Hermeneutische Forschung bildet ein elementares, aber methodisch oft unterbelichtetes Fundament der wissenschaftlichen Religionsdidaktik. Der vorliegende Beitrag schließt diese Forschungslücke, indem er grundlegende Aspekte hermeneutischen Arbeitens in der Religionspädagogik systematisch darstellt und dabei besonders auf die Konzeptentwicklung fokussiert.
Die Hermeneutik – etymologisch verankert in der Vermittlung göttlicher Botschaften durch den Gott Hermes – hat sich seit Schleiermacher zur „Kunstlehre des Verstehens" entwickelt. Philosophische Grundierungen durch Gadamer, Habermas und andere prägen bis heute das religionsdidaktische Selbstverständnis: Verstehen wird nicht als subjektive Handlung, sondern als Einrücken in historische Überlieferungsprozesse begriffen, wobei ideologiekritische Reflexion Machtungleichgewichte aufdecken hilft.

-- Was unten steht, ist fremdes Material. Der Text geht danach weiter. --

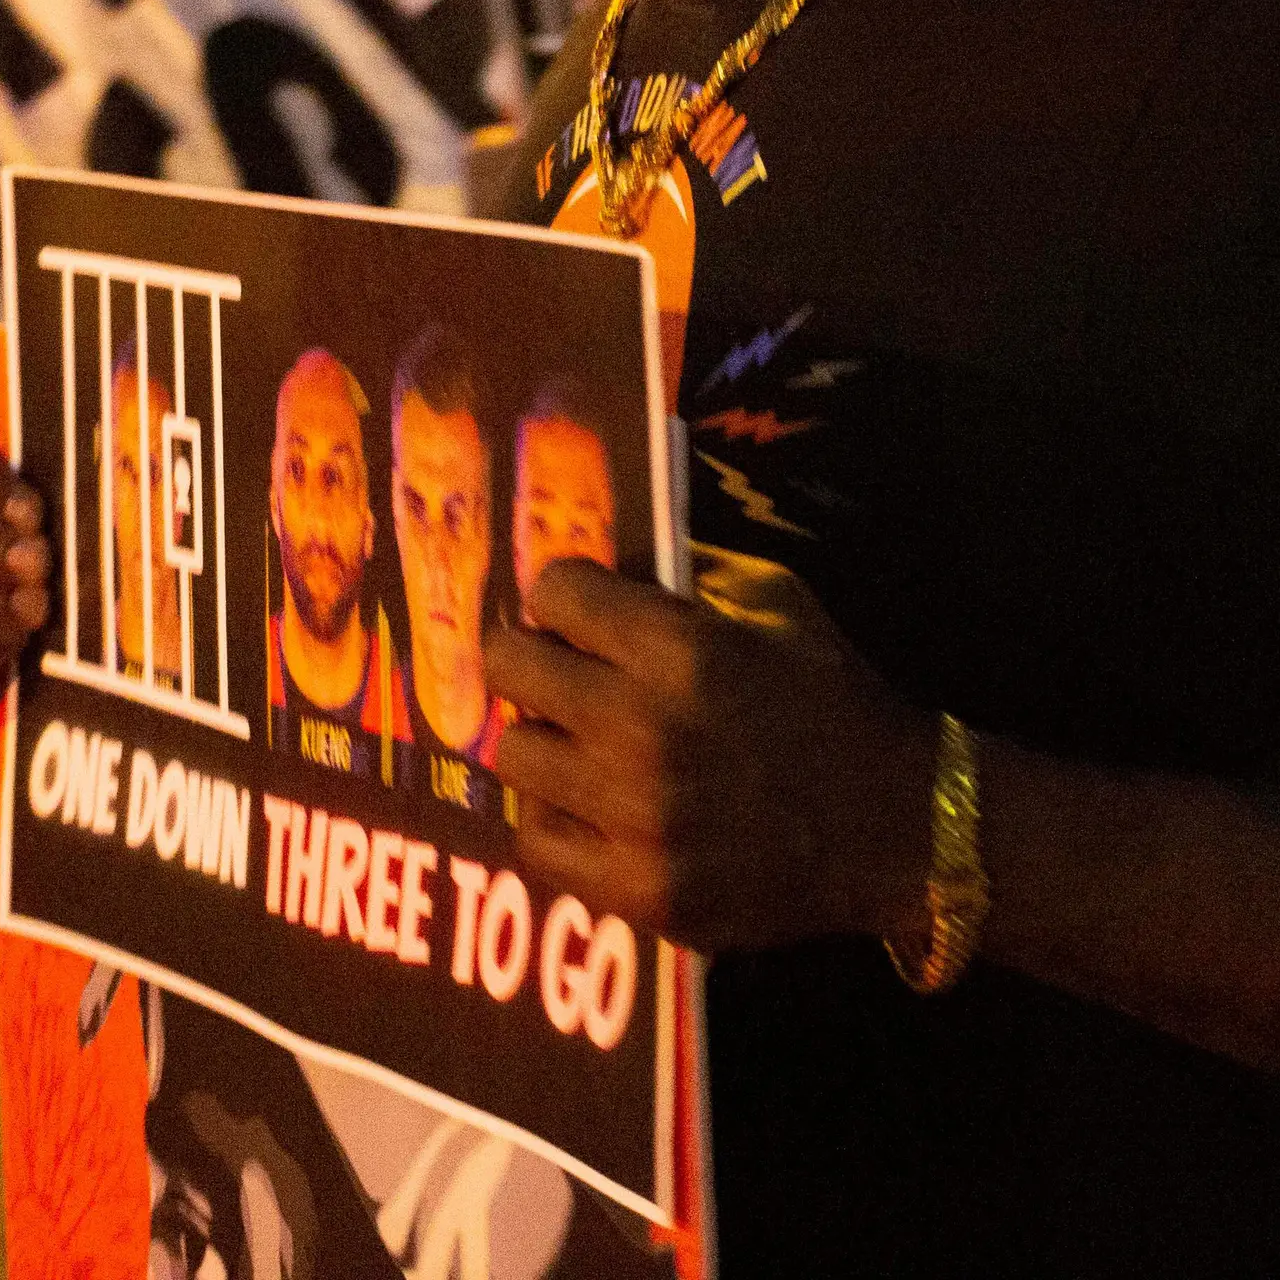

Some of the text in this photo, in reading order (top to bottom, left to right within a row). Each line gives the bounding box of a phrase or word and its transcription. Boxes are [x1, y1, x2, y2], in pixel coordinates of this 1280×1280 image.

[28, 719, 638, 1051] ONE DOWN THREE TO GO

Lange Zeit verstand sich die Religionsdidaktik primär als hermeneutische Wissenschaft. Seit der „empirischen Wende" Ende der 1960er Jahre hat sich das Methodenspektrum erheblich erweitert – ohne dass die Hermeneutik an Bedeutung verloren hätte. Vielmehr integrieren aktuelle Systematisierungen hermeneutische Zugänge in komplexere methodische Arrangements aus historischen, empirischen, systematischen und komparativen Verfahren.
Die Religionsdidaktik funktioniert als „Verbundwissenschaft", die mittels multiperspektivischer Hermeneutik theologische, bildungswissenschaftliche, geistes- und kulturwissenschaftliche Erkenntnisse aufeinander bezieht. Dieses korrelative Verfahren ermöglicht es, religiöse Lern- und Bildungsprozesse so zu gestalten, dass Subjekte religiöse Wirklichkeitsdeutungen eigenständig rekonstruieren und auf persönliche Bedeutungen hin überprüfen können. Der Beitrag dokumentiert, dass hermeneutische Konzeptentwicklung ein etabliertes, zukunftsträchtiges religionspädagogisches Forschungsformat darstellt.